The following Article is from Your GPB Digital Magazine. Download the iPad App or Click here for a preview of the latest edition.

Dolphins are one of the most popular animals in the world. They are graceful in the water, beautiful to watch, and they look so happy to see you. But despite their popularity, there is much about the dolphin world we’re just beginning to understand.

In “Dolphin Drama,” we’ll explore how some dolphin lovers are causing bad behavior like begging, observe dolphins’ amazing anatomy up close and learn about the threats the animals are now facing.
More than thirty species of dolphins exist, including Striped Dolphins, Spotted Dolphins and Bottlenose Dolphins, best known to those who live on the East Coast. I met up with Dr. Tara Cox and the dolphin research team from Savannah State University to search for Bottlenose dolphins off the coast of Georgia.

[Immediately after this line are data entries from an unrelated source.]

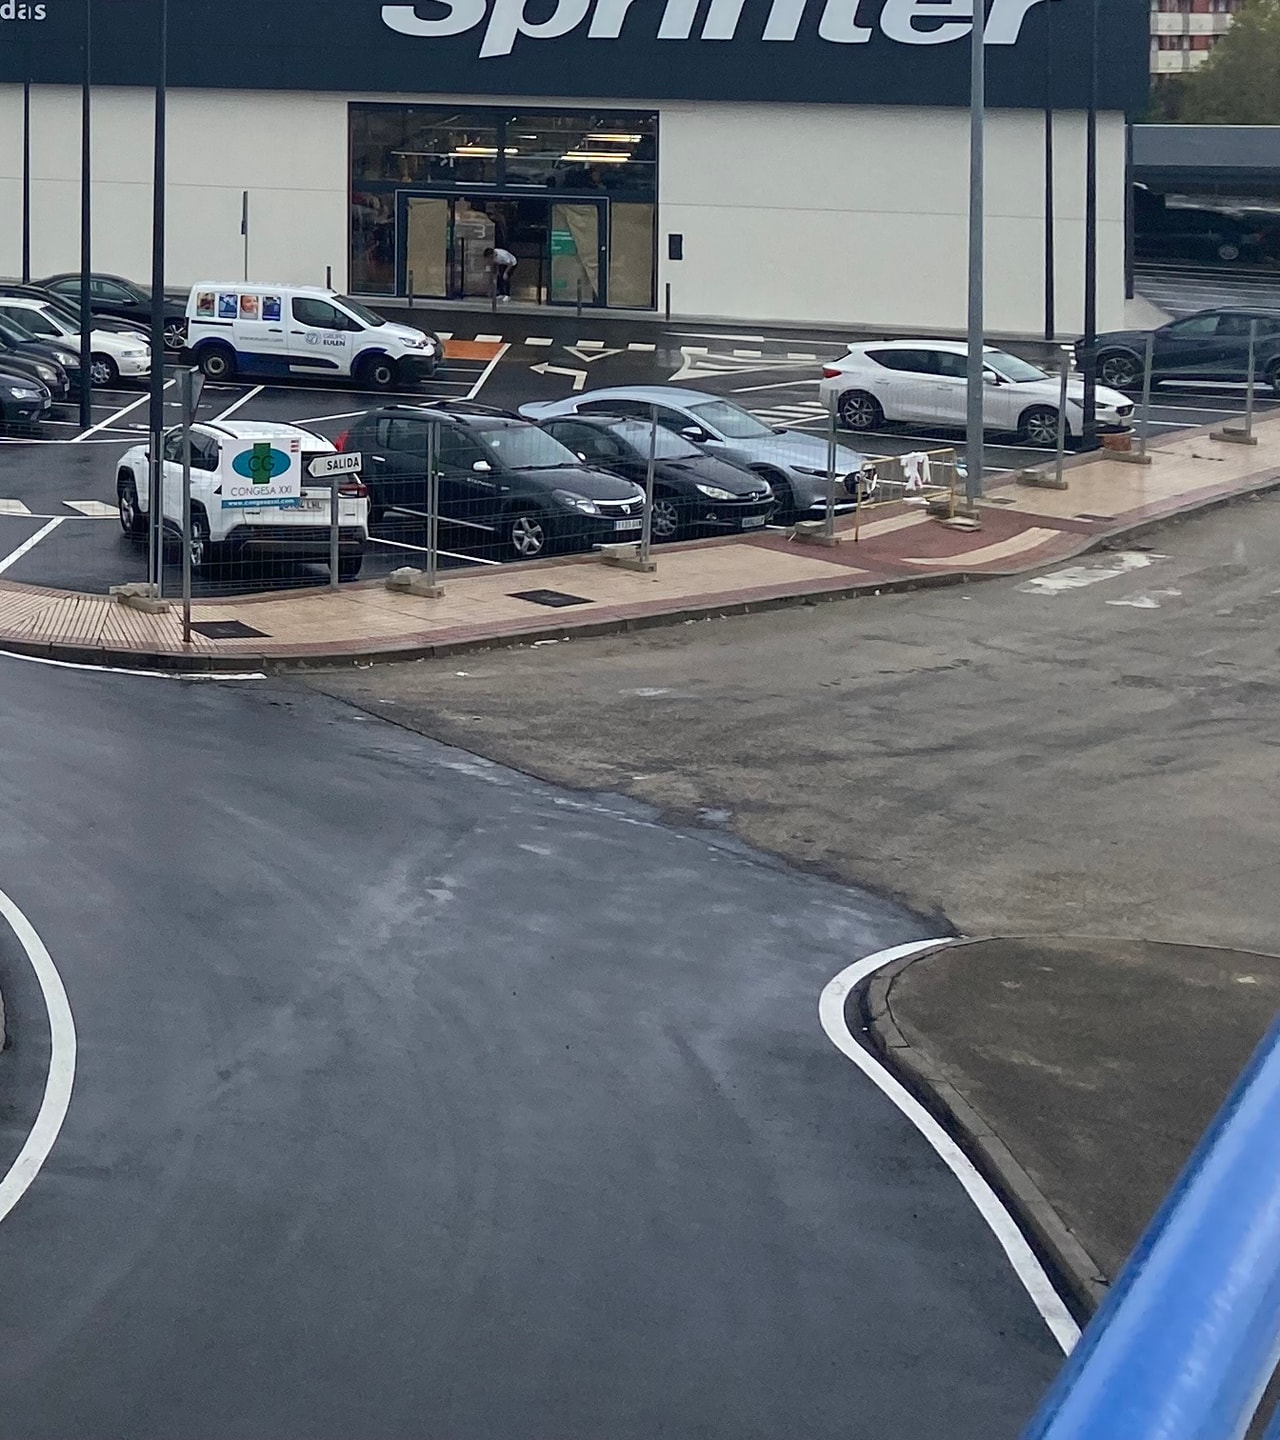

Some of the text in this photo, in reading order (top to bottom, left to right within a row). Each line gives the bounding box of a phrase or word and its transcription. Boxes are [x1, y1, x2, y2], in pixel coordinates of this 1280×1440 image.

[323, 339, 346, 347] EULEN
[248, 455, 275, 472] CG
[326, 456, 360, 471] SALIDA
[230, 485, 292, 497] CONGESA XXI
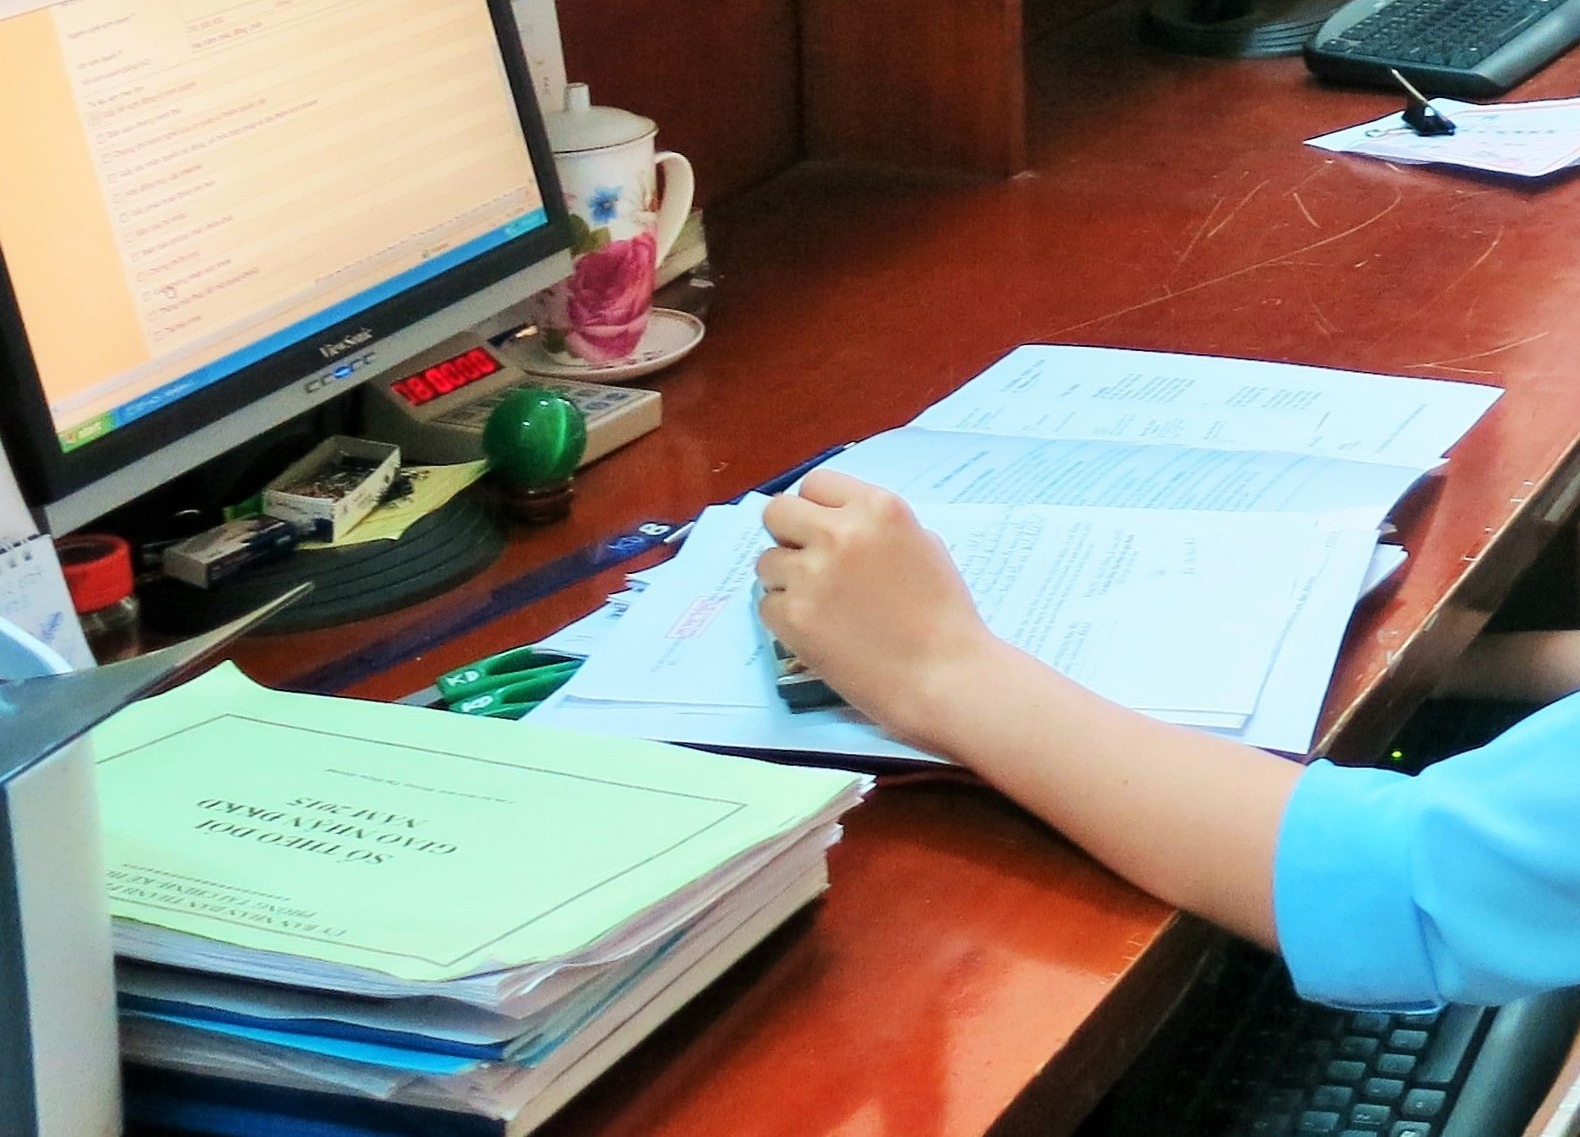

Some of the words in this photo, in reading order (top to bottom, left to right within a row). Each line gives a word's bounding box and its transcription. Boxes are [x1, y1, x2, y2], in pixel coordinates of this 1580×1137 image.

[285, 796, 352, 815] 2015
[256, 831, 343, 857] THEO
[375, 832, 459, 856] GIAO
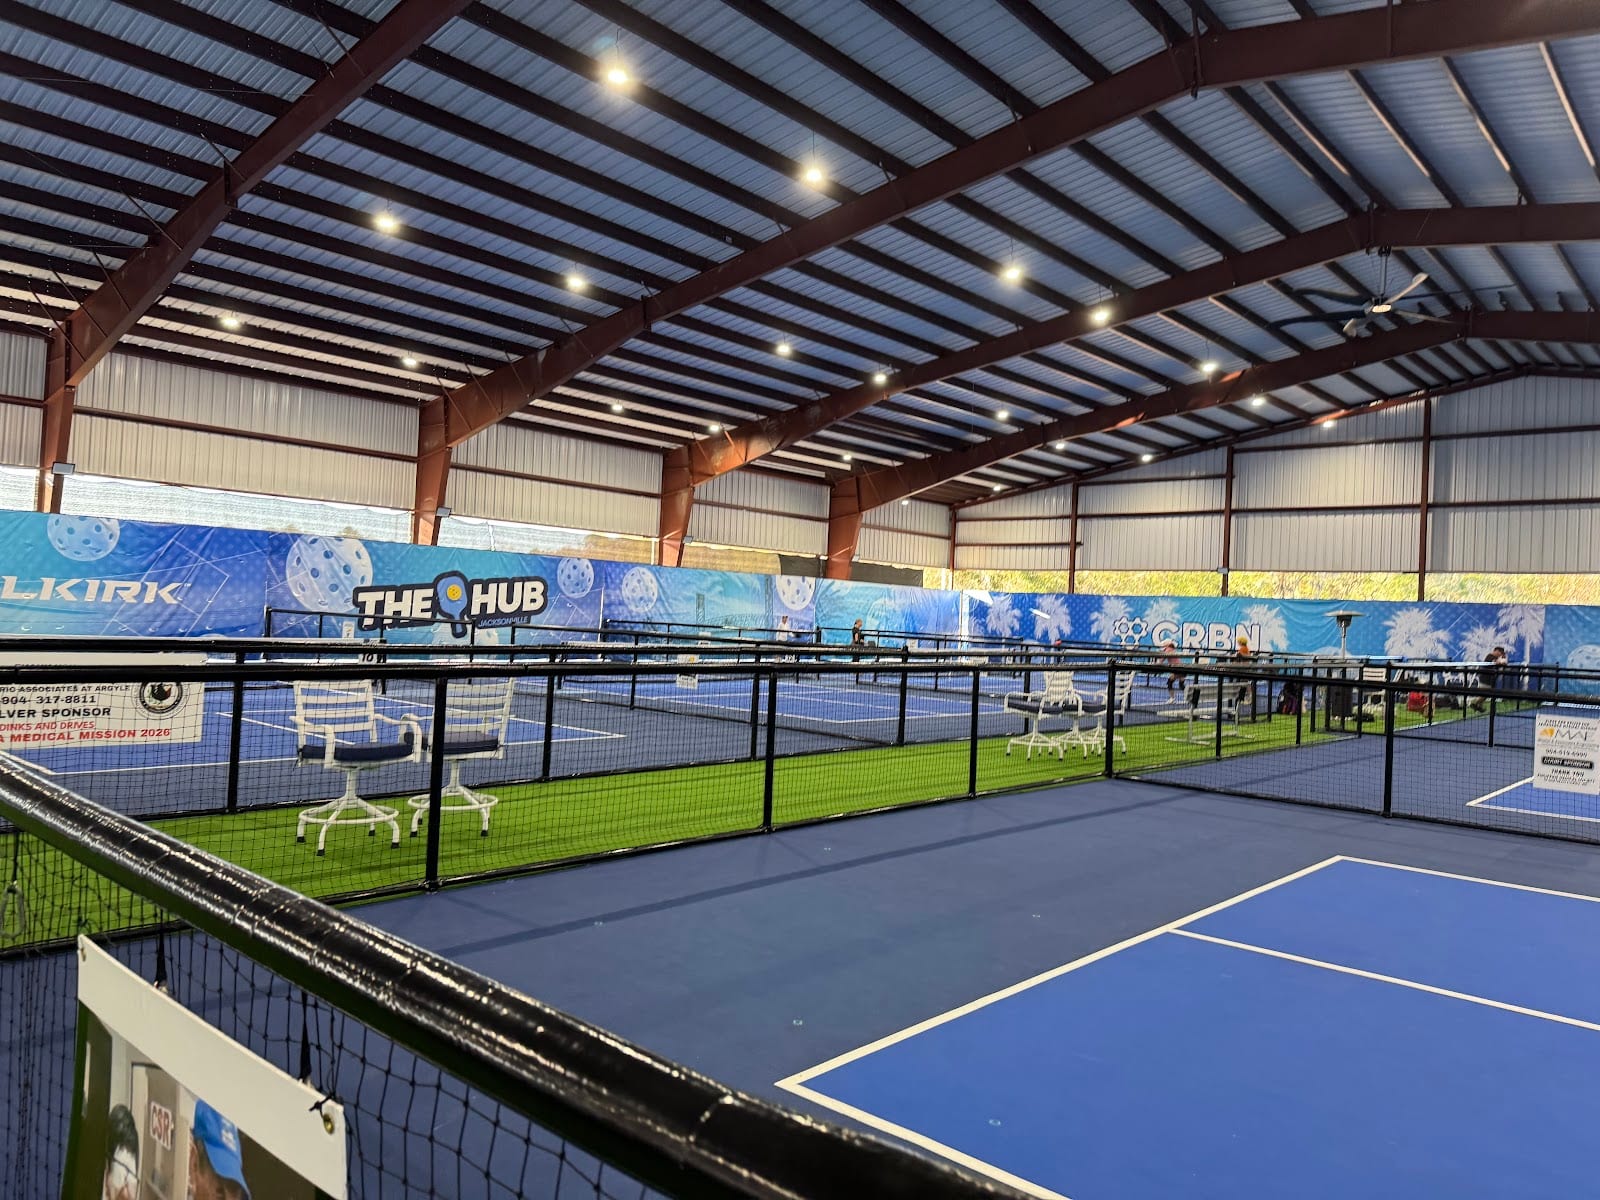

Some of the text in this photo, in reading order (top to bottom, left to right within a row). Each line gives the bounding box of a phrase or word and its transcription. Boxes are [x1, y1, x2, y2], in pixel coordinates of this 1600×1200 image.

[1, 575, 183, 604] LKIRK
[357, 580, 545, 626] THE HUB
[478, 616, 529, 627] JACKSONVILLE
[1152, 620, 1261, 653] CRBN
[36, 695, 97, 704] 317-8811
[42, 707, 112, 718] SPONSOR
[0, 721, 95, 732] DINKS AND DRIVES
[10, 731, 74, 742] MEDICAL
[79, 729, 136, 740] MISSION
[140, 728, 171, 738] 2026
[151, 1104, 170, 1147] CSR
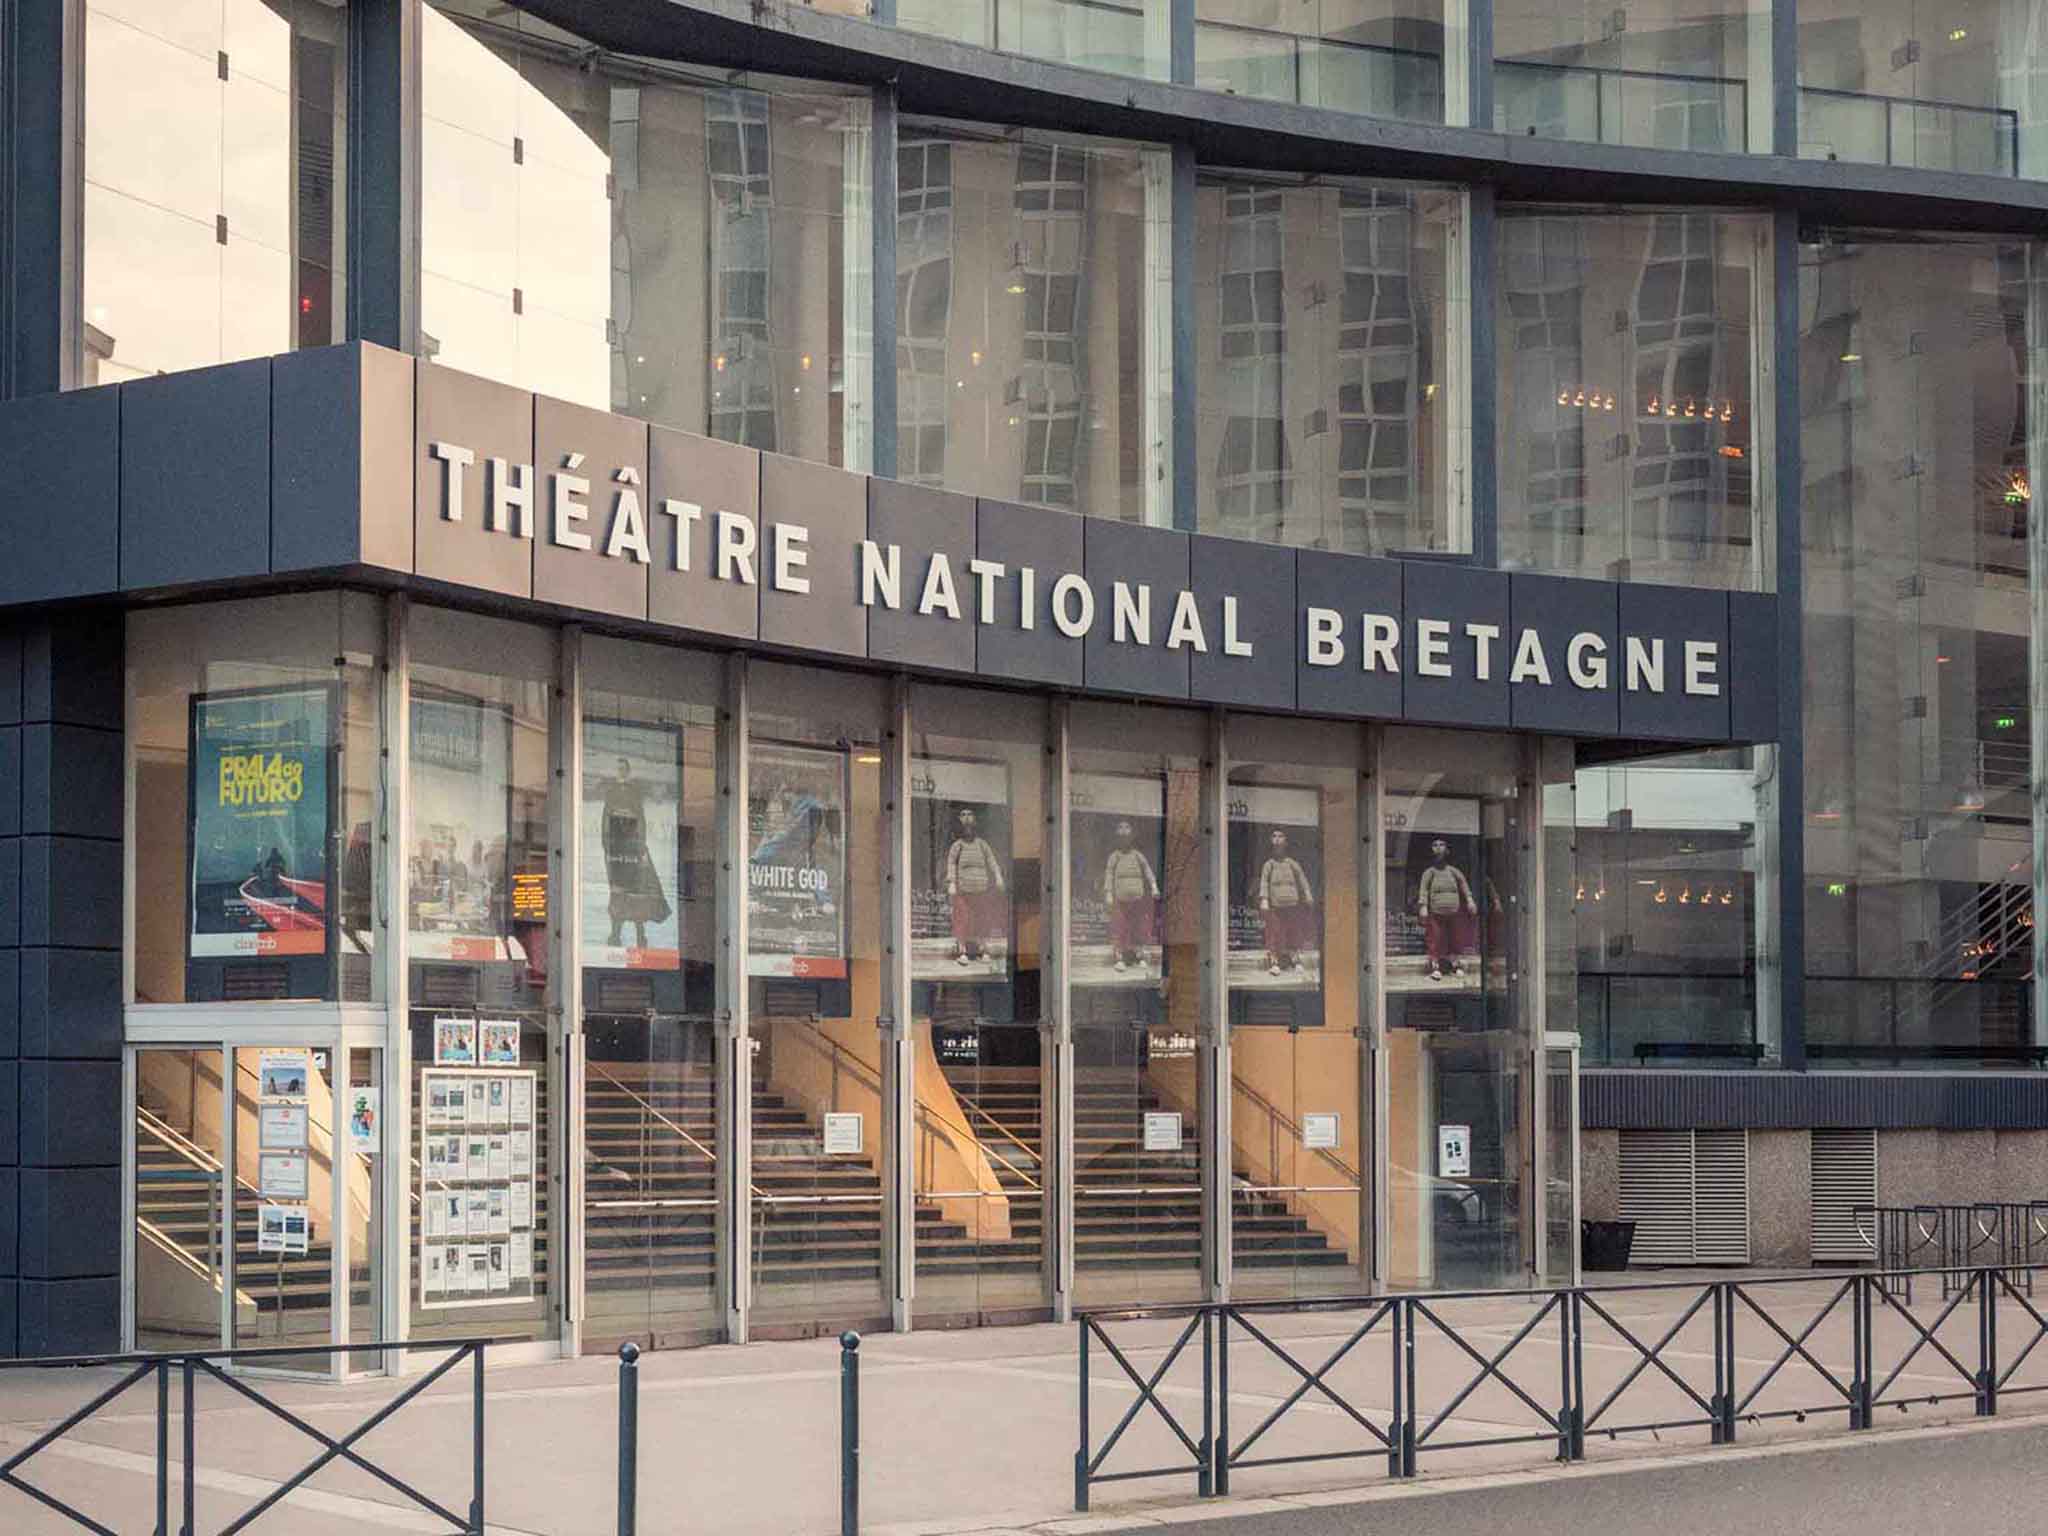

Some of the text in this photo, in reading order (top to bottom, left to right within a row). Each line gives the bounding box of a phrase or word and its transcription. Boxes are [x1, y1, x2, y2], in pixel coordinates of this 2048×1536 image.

[431, 441, 1721, 696] THÉÂTRE NATIONAL BRETAGNE
[218, 776, 304, 808] FUTURO
[750, 864, 828, 891] WHITE GOD

Dr. Cox’s team has spent years documenting begging behavior as part of a Mid-Atlantic effort to keep track of dolphins from Virginia to Florida. The team’s research includes taking photos of dorsal fins and then cataloging them in the lab. As I learned on our trip, in comparison to humans, fins are like fingerprints and help the researchers identify individual dolphins.

I also spoke with international researcher Dr. Randy Wells, who heads the longest-running study of wild dolphins in the world at Mote Marine Laboratory in Sarasota, Florida. Dr. Wells works with Dr. Cox in Savannah, and he is also part of a team that tested dolphins off the coast of Georgia around Brunswick and Sapelo Island. Some of the dolphins tested had the highest levels of PCBS ever found in a marine mammal. Polycarbonated Biophenyls were banned in 1979 because of the toxic impact on wildlife and humans, so now scientists are trying to figure out why such high levels show up decades later off the coast of Georgia.

My visit with senior trainer Andy Horn at Georgia Aquarium’s Marineland revealed some amazing facts about dolphins’ anatomy, including that they have monocular vision, which allows them to see in multiple directions at once. In addition to this visual capability, dolphins also have a very complex system of hearing and communicating, including the sense of echolocation, which enables them to use sound to determine what is happening in their environment.